A Prayer in the Plague Year
Dear invisible mother can you hear the mourner’s Kaddish
I’m saying for you on the anniversary of your death
standing shoe-less in my bedroom facing East,
my prayer led by a rabbi and cantor I’m seeing streamed
in the invisible ether from a holy temple emptied by fear
of an invisible foe? Dear invisible mother do you hear
the invisible minion of ten, times ten, perhaps hundreds
standing alone but together in other rooms and houses
praying to an invisible God for rescue and consolation?
Is there enough breath in our song to reach you or Him?
I remember how He saved you in Europe only to take you
too soon in America, how you never saw the grandchildren.
Dear invisible mother make me remember your power
of love and imagination, and see me see me standing here.
Twelve Reflections on Francis Picabia (1879-1953)
I-The devil follows me day and night because he is afraid to be alone.
Even under a sunless sky I am chased by my shadow;
at each street corner
one of us smiles, the other laughs or cries.
II-Pain has its reasons, pleasure is totally indifferent.
Pain is automatic and protective; a simple toothache signals
deep into the brain.
Pleasure is only a happy accident, our nerve endings twitching
together at a frequency we can’t remember.
III-If you want to have clean ideas, change them as often as you change your shirts.
I don’t have enough shirts and must scrub my brain free from old ideas.
Unfortunately, a cleaned brain sometimes fractures like parchment
revealing a mirage in the desert,
the brain as a metaphor making machine.
IV-My ass contemplates those who talk behind my back.
We all have our critics.
The composer Max Reger sent this response to a newspaper:
“I sit in the smallest room in my house,
your review is before me, soon it will be behind me.”
V-We are ignorant of our acts until we accomplish them.
This was how Dada worked—Picabia did all the talking,
Marcel got all the fame,
two leopards in the same cage
one always changing his spots while the other would not.
VI-Between my head and my hand, there is always the face of death.
The execution of a thought takes time
often a minute, sometimes a year, rarely an entire life
until there are no thoughts, no time.
VII-The only way to win is to fight on the side of your adversaries.
I am like the spies Joshua sent to Jericho.
My loved ones think I’m invisible or deaf and can’t hear them plotting.
Though undefined like smoke or air or words I have a shape, even a smell.
VIII-The essence of a man is found in his faults.
I’m filled with faults like a volcano or tectonic plates—
greedy, envious, dreaming of alternative lovers I will eat
a lion on a dry plain.
IX-Only useless things are indispensable.
I collect battle ribbons and old toys, Matryoshka that no longer surprise.
I remember wooden wheels and gears stuck together by plastic tubes
a child once built into machines, the same masterpiece over and over.
X-Our heads are round so our thoughts can change direction.
A square head points two ways, back into the future or forward into the past.
Like religious faith or a snail’s slimy trail we ignore the present.
I am the evidence. Thank you for your patience.
XI-Good taste is as tiring as good company.
Not a joke: three artists did not go into a bar but took a car ride
into the French countryside.
In July of 1912, Picabia drives (after all, it’s his car)

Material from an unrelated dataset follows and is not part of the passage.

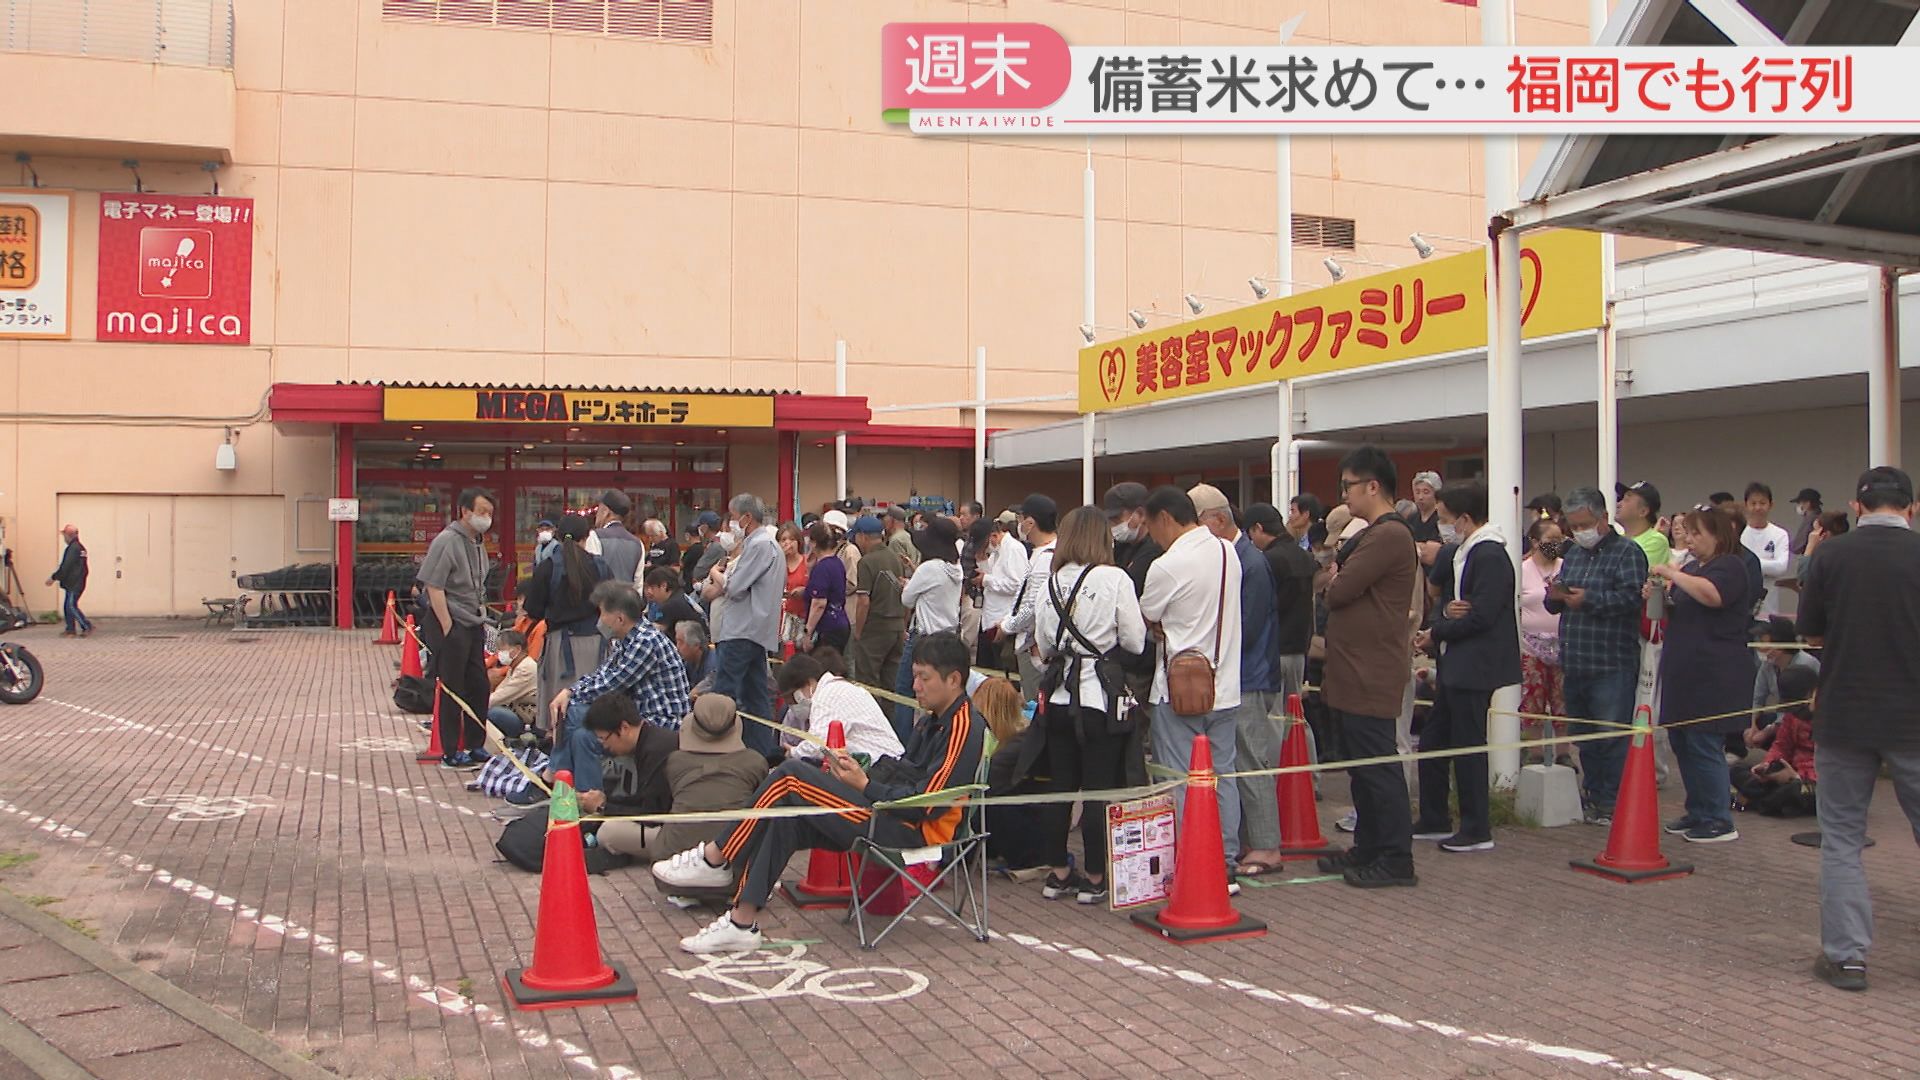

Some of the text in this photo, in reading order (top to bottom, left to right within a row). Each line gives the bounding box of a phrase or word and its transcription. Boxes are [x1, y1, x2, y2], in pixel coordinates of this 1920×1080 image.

[1135, 278, 1467, 396] 美容室マックファミリー
[476, 392, 569, 421] MEGA

Debussy and Apollinaire sit in the back egging him on
about the impossibility of pure painting, pictures without subjects.
After drinking a lot Picabia rushes back to his studio
and turns abstract into a noun. He says
My painting is a contest between life and sleep.
XII-Knowledge is an old error remembering its youth.
In his long life Picabia makes many errors
gains much knowledge but little wisdom.
He wrote paralysis is the first stage of wisdom
but lived like a comet in constant motion.
He was not like us but we are like him.
[Section titles and two lines in italics are bon mots by Francis Picabia.]